● DATA UNDER STUDY:
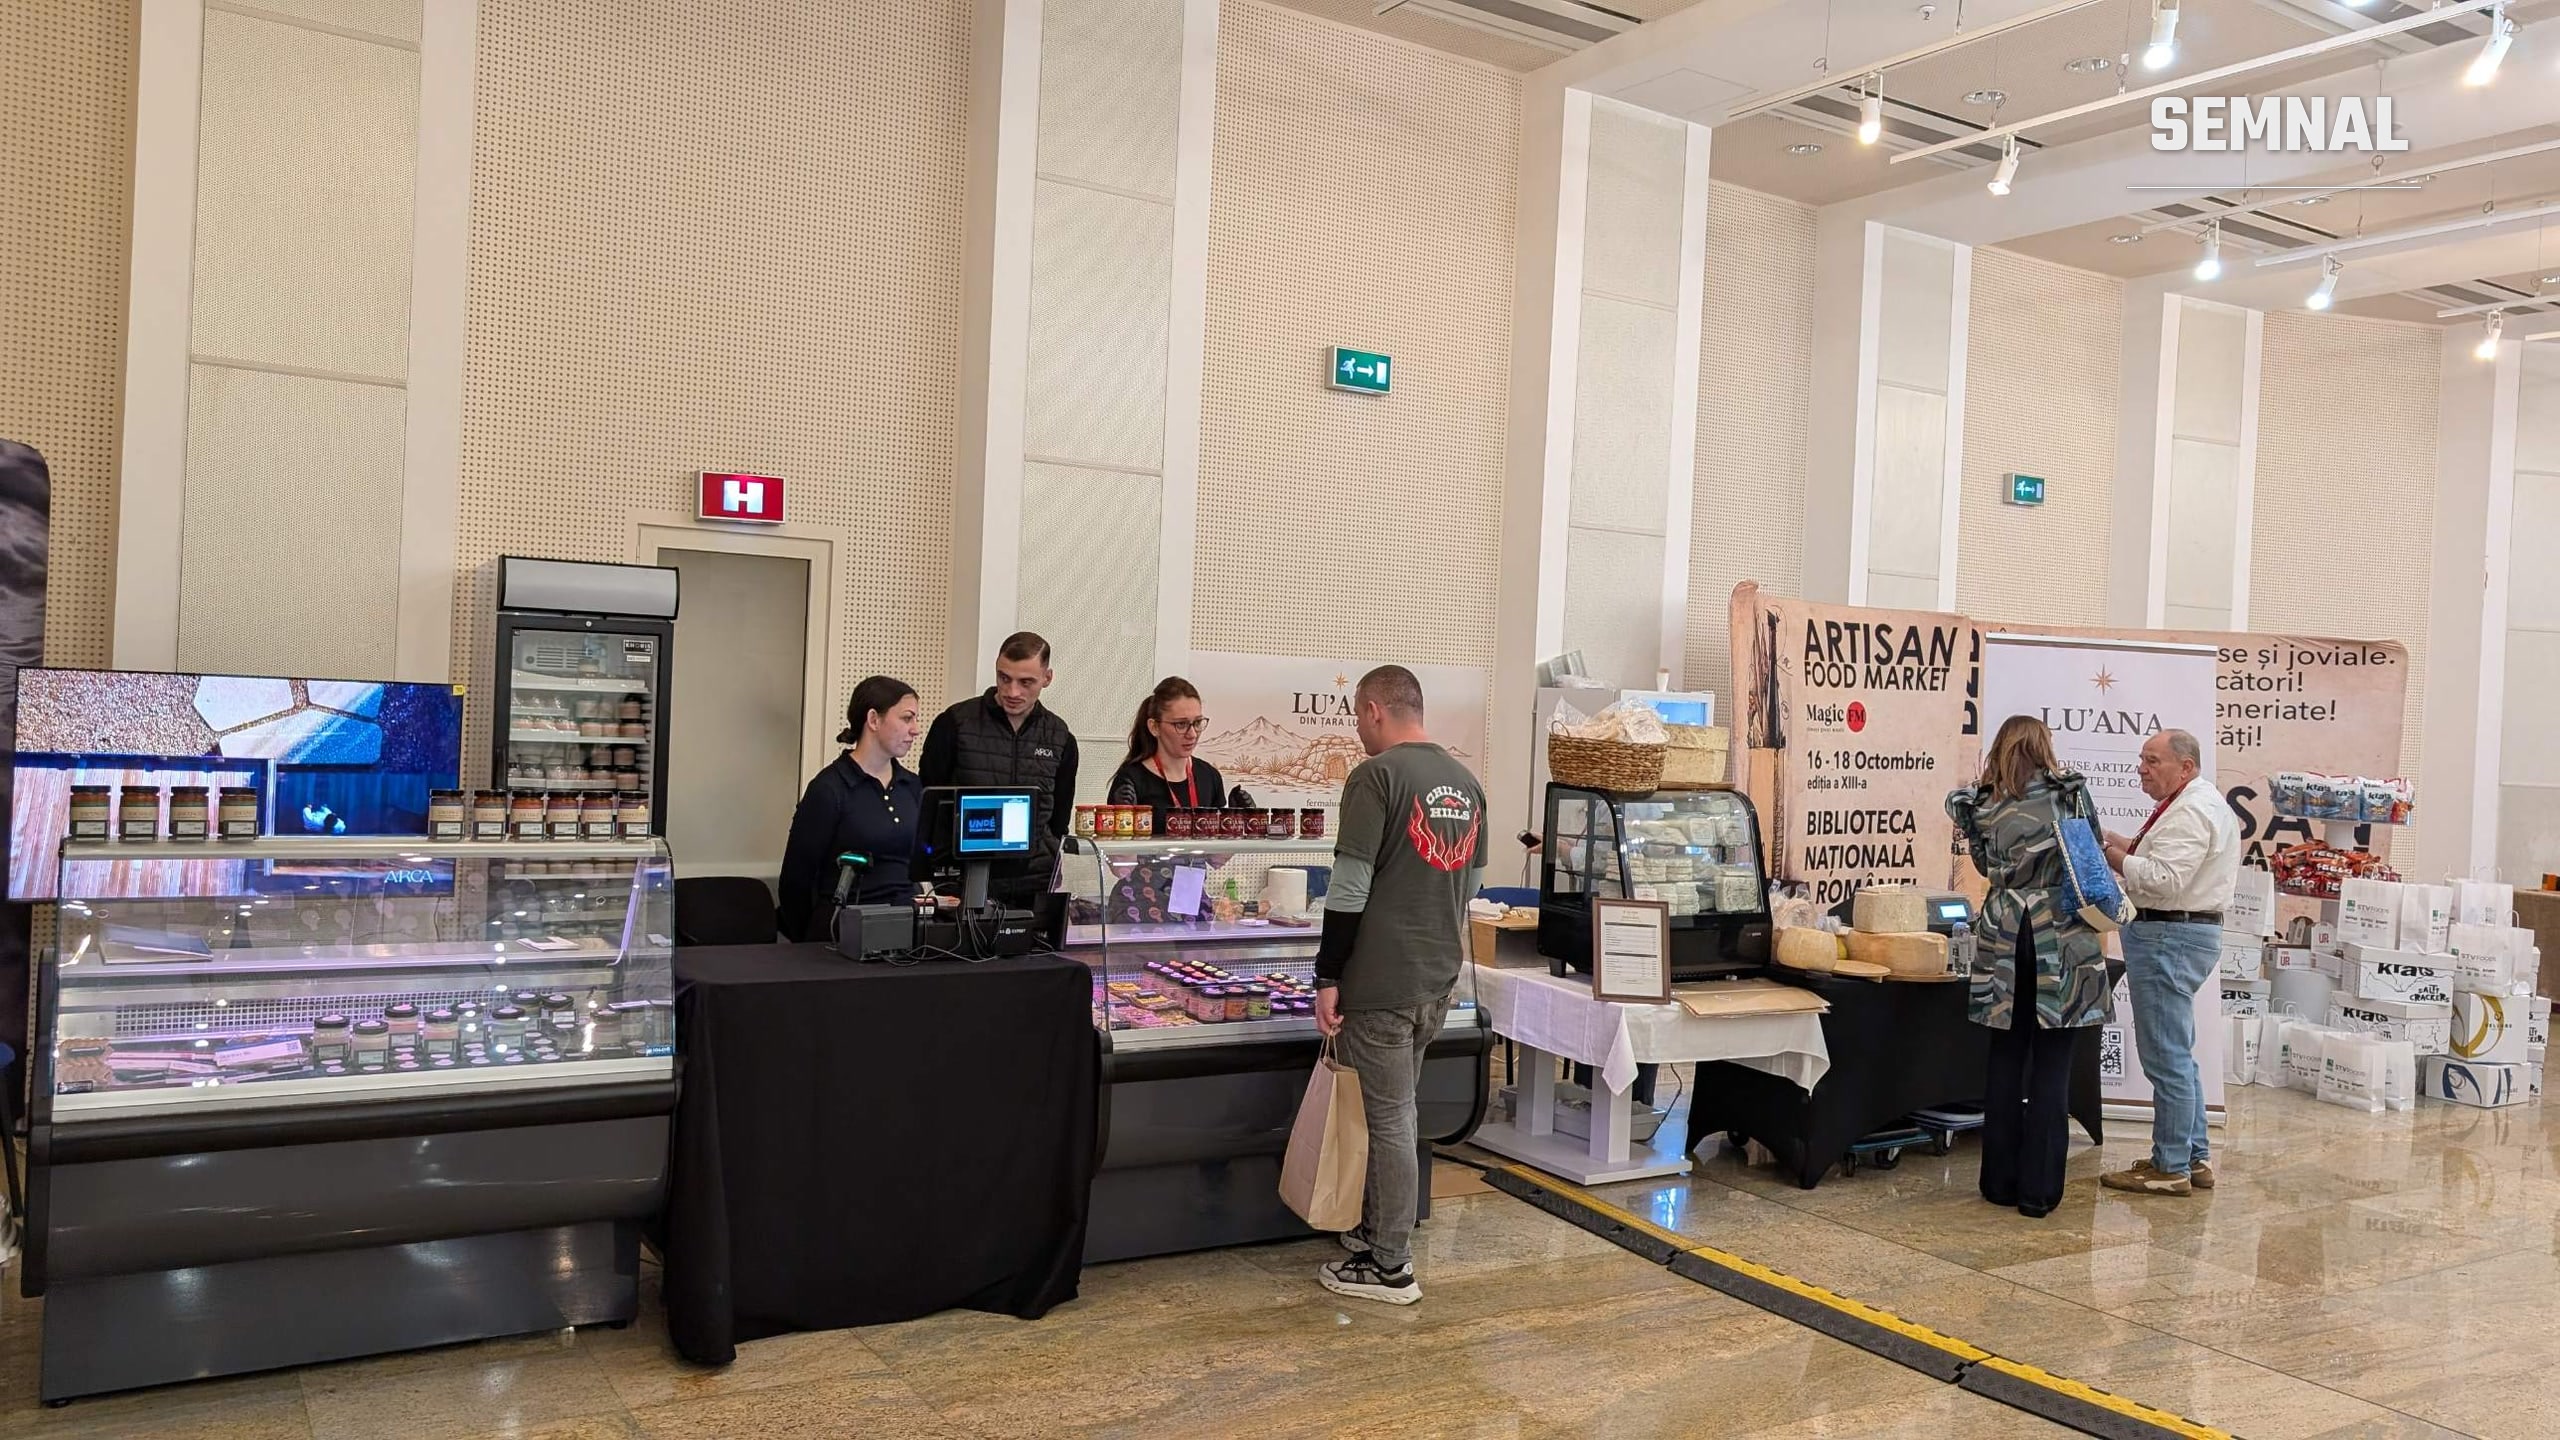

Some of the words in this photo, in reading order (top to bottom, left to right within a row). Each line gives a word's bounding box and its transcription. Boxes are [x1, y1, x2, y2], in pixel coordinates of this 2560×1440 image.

[723, 480, 764, 513] H
[1804, 618, 1958, 667] ARTISAN
[2218, 647, 2248, 663] se
[2257, 644, 2278, 670] și
[2286, 645, 2395, 671] joviale.
[1804, 661, 1857, 688] FOOD
[1863, 665, 1950, 691] MARKET
[2216, 669, 2303, 693] cători!
[1292, 692, 1358, 716] LU'A
[1806, 703, 1844, 727] Magic
[1847, 709, 1865, 723] FM
[2216, 699, 2336, 721] eneriate!
[1300, 716, 1316, 725] DIN
[2041, 707, 2163, 735] LU'ANA
[1807, 750, 1822, 770] 16
[1833, 750, 1850, 770] 18
[1854, 751, 1934, 770] Octombrie
[2057, 760, 2091, 771] DUSE
[1807, 776, 1831, 793] ediția
[1833, 779, 1839, 789] a
[1841, 776, 1867, 789] XIII-a
[2087, 777, 2104, 786] TE
[2108, 778, 2125, 787] DE
[1426, 785, 1471, 808] CHILLY
[1430, 807, 1471, 820] HILLS
[1807, 810, 1917, 835] BIBLIOTECA
[1804, 837, 1915, 877] NAȚIONALĂ
[384, 869, 434, 884] ARCA
[2409, 993, 2450, 1003] CRACKERS

● HOW TO COMPLETE THIS TASK:
Produce a verbatim copy of all records, minus pictures.

● SOLUTION:
Some of the words in this photo, in reading order (top to bottom, left to right within a row). Each line gives a word's bounding box and its transcription. Boxes are [x1, y1, x2, y2], in pixel coordinates of this 2560×1440 image.

[723, 480, 764, 513] H
[1804, 618, 1958, 667] ARTISAN
[2218, 647, 2248, 663] se
[2257, 644, 2278, 670] și
[2286, 645, 2395, 671] joviale.
[1804, 661, 1857, 688] FOOD
[1863, 665, 1950, 691] MARKET
[2216, 669, 2303, 693] cători!
[1292, 692, 1358, 716] LU'A
[1806, 703, 1844, 727] Magic
[1847, 709, 1865, 723] FM
[2216, 699, 2336, 721] eneriate!
[1300, 716, 1316, 725] DIN
[2041, 707, 2163, 735] LU'ANA
[1807, 750, 1822, 770] 16
[1833, 750, 1850, 770] 18
[1854, 751, 1934, 770] Octombrie
[2057, 760, 2091, 771] DUSE
[1807, 776, 1831, 793] ediția
[1833, 779, 1839, 789] a
[1841, 776, 1867, 789] XIII-a
[2087, 777, 2104, 786] TE
[2108, 778, 2125, 787] DE
[1426, 785, 1471, 808] CHILLY
[1430, 807, 1471, 820] HILLS
[1807, 810, 1917, 835] BIBLIOTECA
[1804, 837, 1915, 877] NAȚIONALĂ
[384, 869, 434, 884] ARCA
[2409, 993, 2450, 1003] CRACKERS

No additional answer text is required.